Sandia National Laboratories and Arizona State University are pushing the boundaries of quantum technology and transform large-scale optical systems into compact integrated microsystems. Nils Otterstrom, a Sandia physicist specializing in integrated photonics, is at the forefront of scaling down optical systems to the size of a chip. This innovation offers performance advantages and scalability for an array of applications from advanced computing to secure communications. Otterstrom has been collaborating with Joe Lukens, the senior director of quantum networking at Arizona State University.


This effort was recently formalized through a new cooperative research and development agreement financed by the Quantum Collaborative which is funded by the state of Arizona and managed by Arizona State University.
“Sandia has one of the most flexible foundries in the world, not only in microelectronics but also in photonics,” Lukens said, referring to the Microsystems Engineering, Sciences and Applications complex. “Sandia can fabricate small photonic integrated circuits that can realize the same capabilities as a big square meter-size optical table.”
“In this frequency encoding paradigm, we need to create special types of beam splitters that instead take one color of light and split it into two colors,” Otterstrom said. “What we’ve developed here at Sandia, in collaboration with professor Peter Rakich’s team at Yale University, are these very efficient novel phase modulator devices.”

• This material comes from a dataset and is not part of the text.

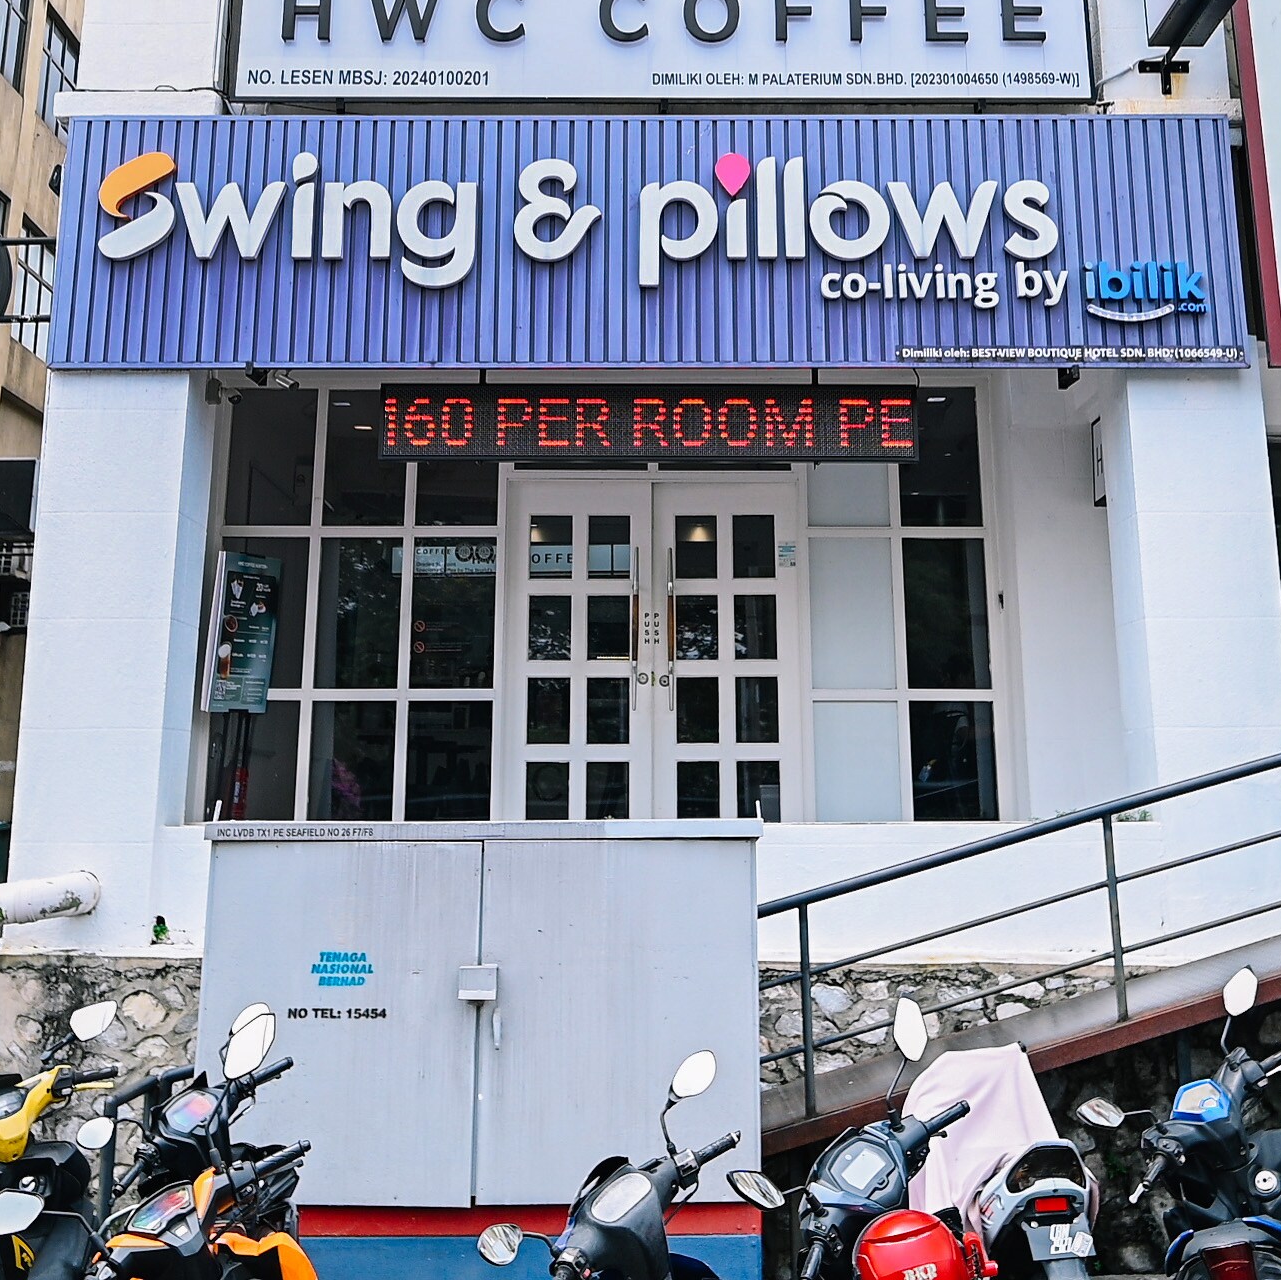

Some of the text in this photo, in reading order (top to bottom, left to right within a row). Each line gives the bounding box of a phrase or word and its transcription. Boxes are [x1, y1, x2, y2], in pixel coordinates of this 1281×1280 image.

The devices are based on suspended silicon waveguides that convey light and gigahertz soundwaves, which are generated by co-integrated aluminum nitride electro-mechanical transducers.
Sandia’s Laboratory Directed Research program has awarded 17 million dollars to advance the team’s work in frequency-based quantum photonics. The funding comes in the form of a Grand Challenge program called Error-Corrected Photonic Integrated Qubits, or EPIQ. Otterstrom said the funding will enable large-scale implementation and integration of the device physics explored in the early collaboration with ASU to create a useful photonic qubit that can be error-corrected.